I have always loved to move, starting with dancing lessons, gymnastic lessons and baton lessons when I was in elementary school. In high school, gym class was my favorite, along with playing intramural sports and being a majorette in the Marching Band. I was voted most athletic in my class. In college I majored in Physical Education and Health Education, was on the Drill Team, played intramural sports and started a gymnastics team.
In my working life, my husband Paul took a teaching and coaching job at Onteora Central School in New York. I taught P.E. and coached the marching band, majorettes and cheerleaders. Later on, we came to South Burlington High School where I coached the Gymnastics team, started a drill team and coached cheerleading.
In 1976, I started teaching P.E. classes at U.V. M. while doing graduate work. It was then that I started working with Dr. Richard Tonino on his research project concerning the effect of exercise on the so called “Senior Population.” I set up a program and trained 23 volunteers for the study. When it was over, the volunteers didn’t want to stop the exercise and that became the start of my mission; to train as many seniors as possible. I’ve taught classes at Senior Centers in Williston Woods, Holy Cross Sr. Center, Cathedral Square, the Pines High Rise, Winooski Senior Center, Wake Robin, Miller Center as well as continuing at UVM, from which I just retired I made DVD’s of the Miller class, using mats, and the Winooski Senior Center using chairs and gave them to my students to keep them exercising when the classes were finished.

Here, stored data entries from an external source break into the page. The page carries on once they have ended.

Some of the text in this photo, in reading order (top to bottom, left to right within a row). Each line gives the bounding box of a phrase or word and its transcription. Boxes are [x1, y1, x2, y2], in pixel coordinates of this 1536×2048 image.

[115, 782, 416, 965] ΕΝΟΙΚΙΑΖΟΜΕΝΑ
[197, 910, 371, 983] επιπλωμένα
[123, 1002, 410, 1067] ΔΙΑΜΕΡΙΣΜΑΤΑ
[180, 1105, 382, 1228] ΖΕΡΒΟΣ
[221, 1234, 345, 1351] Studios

Now I have the opportunity to share my mission with you. Research has shown time and time again that fitness and physical activity improves our overall health and quality of life. Now that you’re housebound, there are things you can do to improve your cardiovascular fitness, i.e. heart, lungs and blood vessels. If it’s nice out, go for a walk or hike or bike, 6 days a week for at least 30 minutes a day. If you’re at home, put on some music and dance or…clean the house!

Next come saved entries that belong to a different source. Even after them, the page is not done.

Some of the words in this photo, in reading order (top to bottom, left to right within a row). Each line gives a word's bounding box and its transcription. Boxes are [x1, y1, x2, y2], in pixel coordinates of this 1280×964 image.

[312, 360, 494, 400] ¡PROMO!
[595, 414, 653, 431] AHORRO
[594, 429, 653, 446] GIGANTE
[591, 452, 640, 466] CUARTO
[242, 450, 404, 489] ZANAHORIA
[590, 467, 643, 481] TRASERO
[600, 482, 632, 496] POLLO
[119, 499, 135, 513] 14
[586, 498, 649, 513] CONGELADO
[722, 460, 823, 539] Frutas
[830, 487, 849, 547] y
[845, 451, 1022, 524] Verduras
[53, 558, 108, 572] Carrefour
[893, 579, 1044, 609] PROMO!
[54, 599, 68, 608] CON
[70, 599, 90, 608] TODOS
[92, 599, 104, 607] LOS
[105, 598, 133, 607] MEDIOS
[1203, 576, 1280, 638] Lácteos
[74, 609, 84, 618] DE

To improve your muscle strength and endurance and your flexibility, i.e. range of motion of joints, I will give you a DVD of my 2 classes. They will help you “see” the exercises. They both contain flexibility and strengthening exercises using Somatics, Active Isolated Stretching, Egoscue Method, Flow Yoga, Pilates and Resistance tubes. T’ai Chi warm-ups are at the beginning of both DVD’s and serve to get your energy moving. T’ai Chi/Namaste is at the end of both DVD’s. It helps your balance, agility and co-ordination as well as fostering mental and spiritual wellness, honoring each other and yourself. Winooski does not use mats. They do all their strength training with ankle weights and in chairs. Miller uses mats.